### Task statement:
In the copy, keep every word of the data below and none of its pictures.

### Provided material:
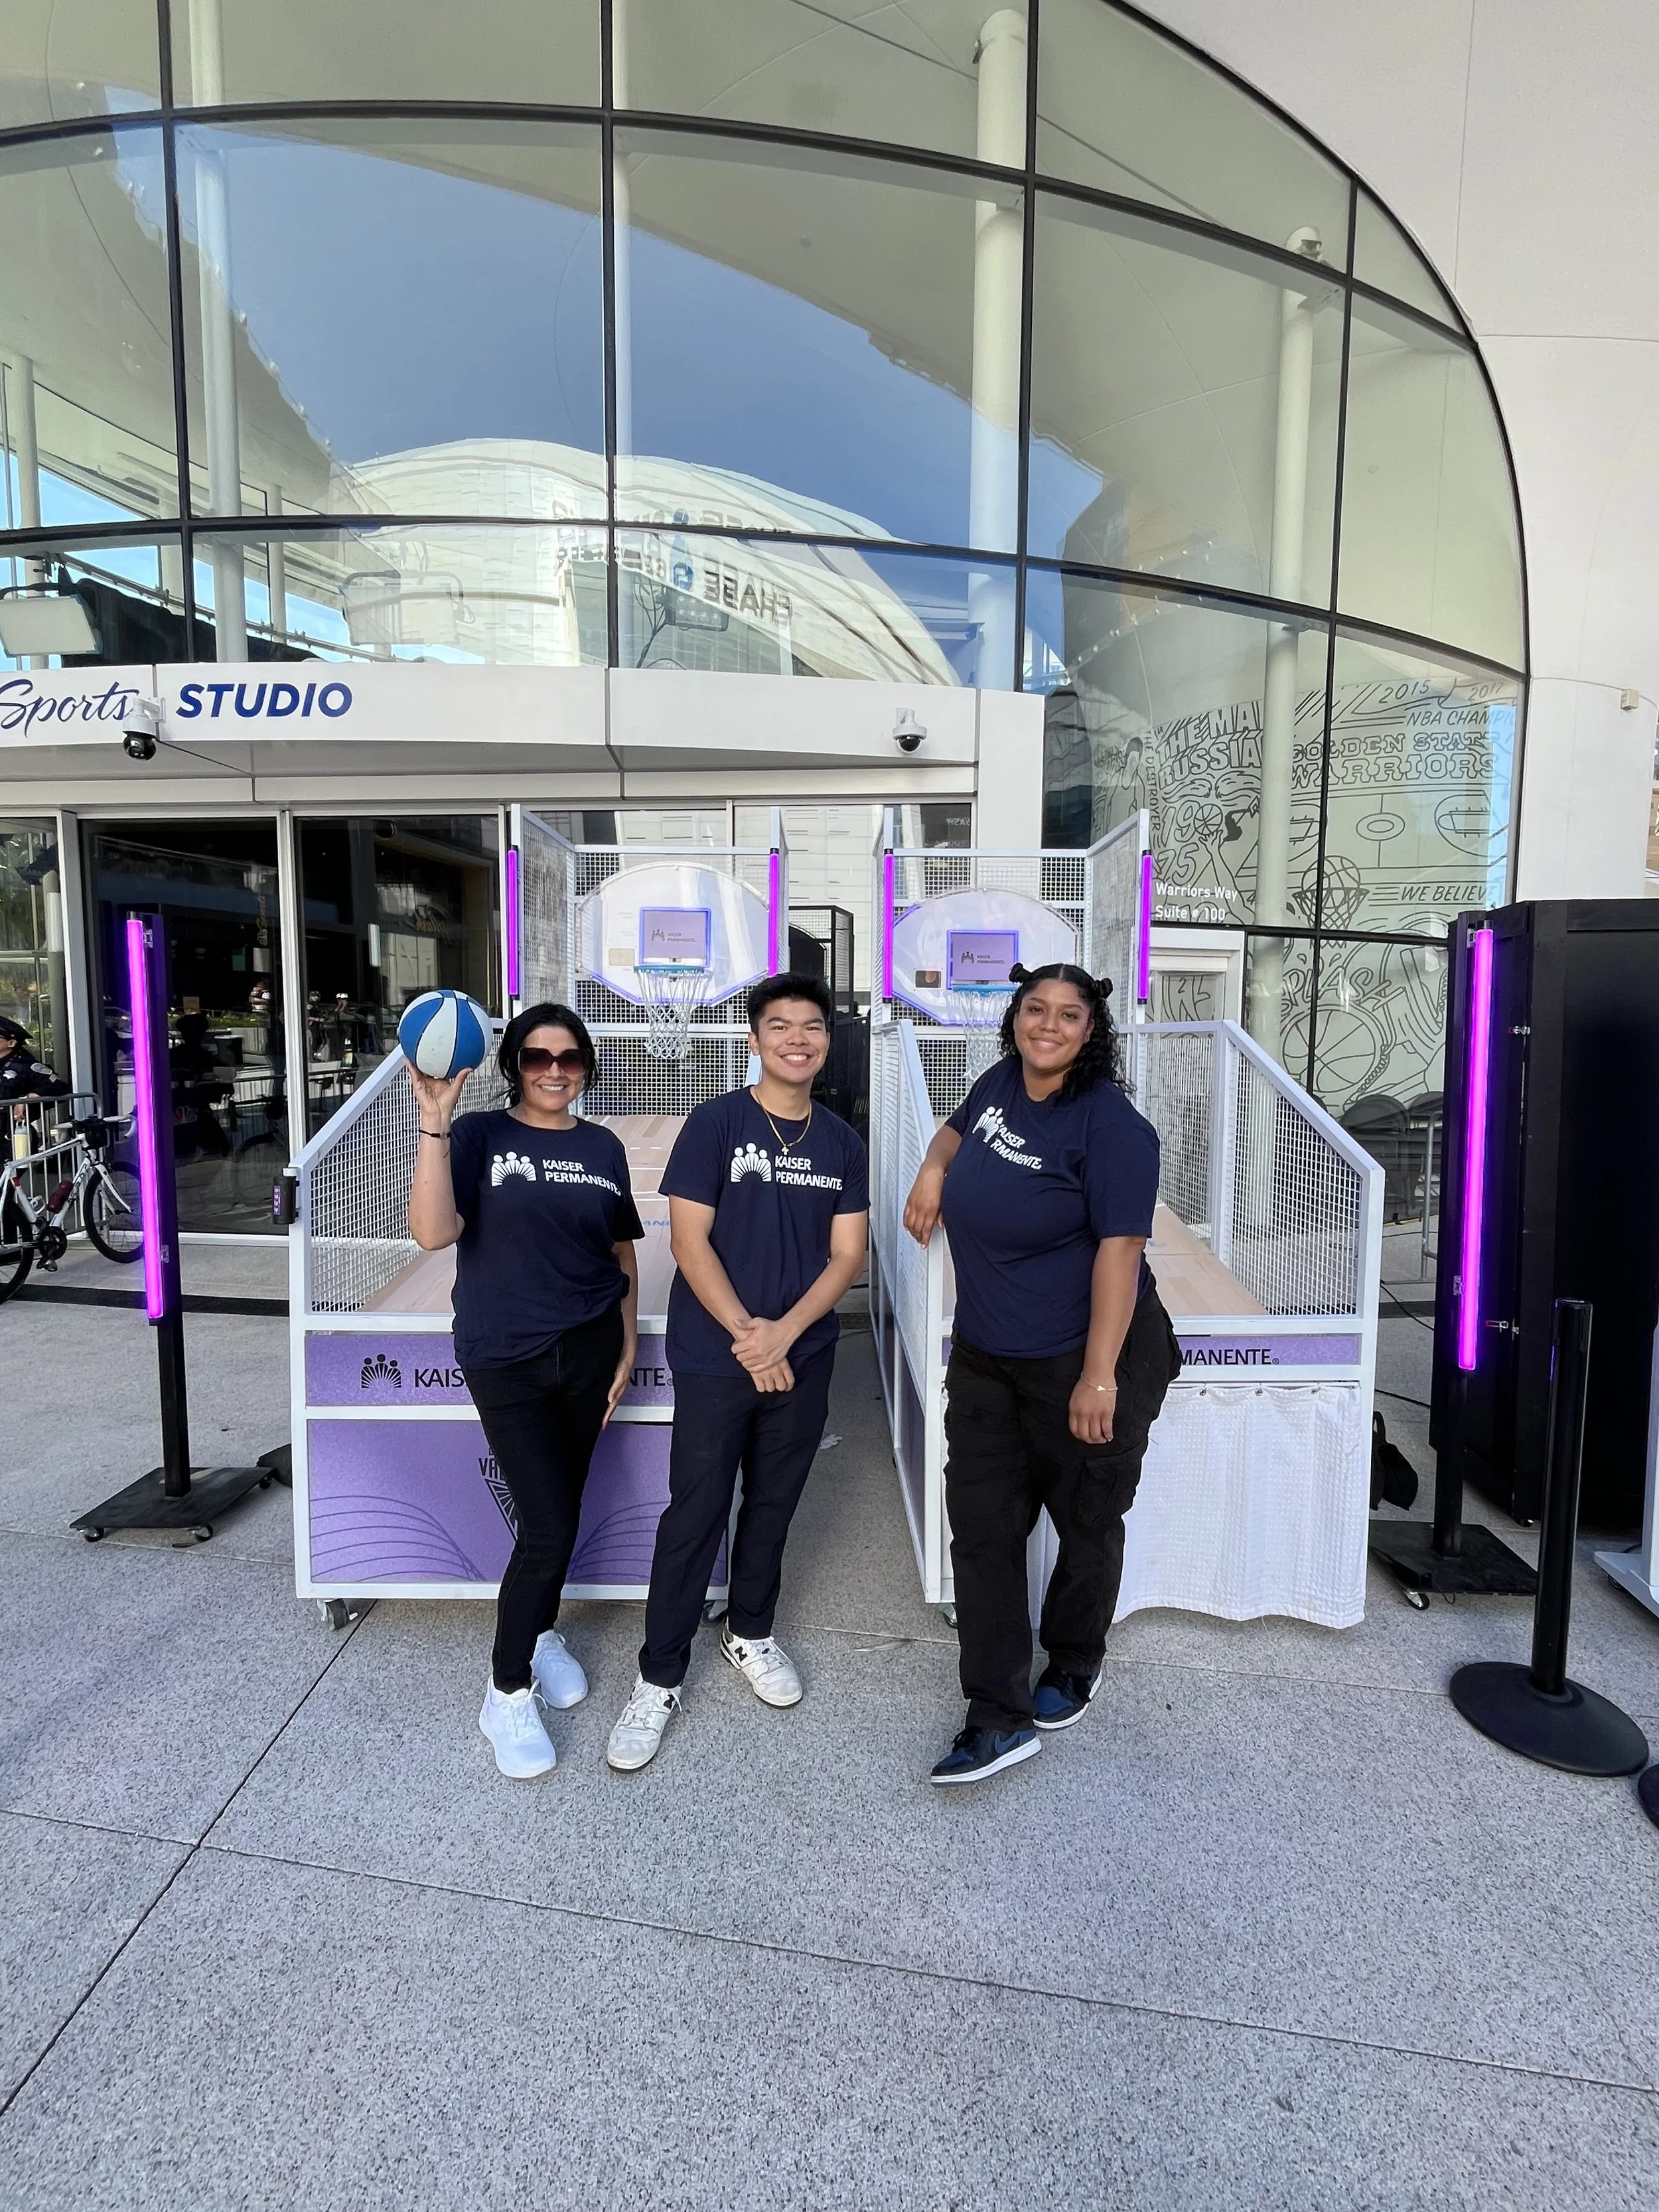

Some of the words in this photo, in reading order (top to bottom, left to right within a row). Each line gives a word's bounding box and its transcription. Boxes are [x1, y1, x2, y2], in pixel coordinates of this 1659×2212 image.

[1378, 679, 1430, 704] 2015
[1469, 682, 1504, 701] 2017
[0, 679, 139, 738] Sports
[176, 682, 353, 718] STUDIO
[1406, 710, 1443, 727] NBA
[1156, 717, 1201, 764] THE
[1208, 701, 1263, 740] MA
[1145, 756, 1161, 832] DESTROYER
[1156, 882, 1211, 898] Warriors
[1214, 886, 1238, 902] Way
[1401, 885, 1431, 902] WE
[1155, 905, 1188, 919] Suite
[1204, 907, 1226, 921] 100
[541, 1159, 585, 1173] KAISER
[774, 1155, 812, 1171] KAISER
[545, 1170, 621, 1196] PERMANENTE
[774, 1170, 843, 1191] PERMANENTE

### Exercise response:
Some of the words in this photo, in reading order (top to bottom, left to right within a row). Each line gives a word's bounding box and its transcription. Boxes are [x1, y1, x2, y2], in pixel coordinates of this 1659×2212 image.

[1378, 679, 1430, 704] 2015
[1469, 682, 1504, 701] 2017
[0, 679, 139, 738] Sports
[176, 682, 353, 718] STUDIO
[1406, 710, 1443, 727] NBA
[1156, 717, 1201, 764] THE
[1208, 701, 1263, 740] MA
[1145, 756, 1161, 832] DESTROYER
[1156, 882, 1211, 898] Warriors
[1214, 886, 1238, 902] Way
[1401, 885, 1431, 902] WE
[1155, 905, 1188, 919] Suite
[1204, 907, 1226, 921] 100
[541, 1159, 585, 1173] KAISER
[774, 1155, 812, 1171] KAISER
[545, 1170, 621, 1196] PERMANENTE
[774, 1170, 843, 1191] PERMANENTE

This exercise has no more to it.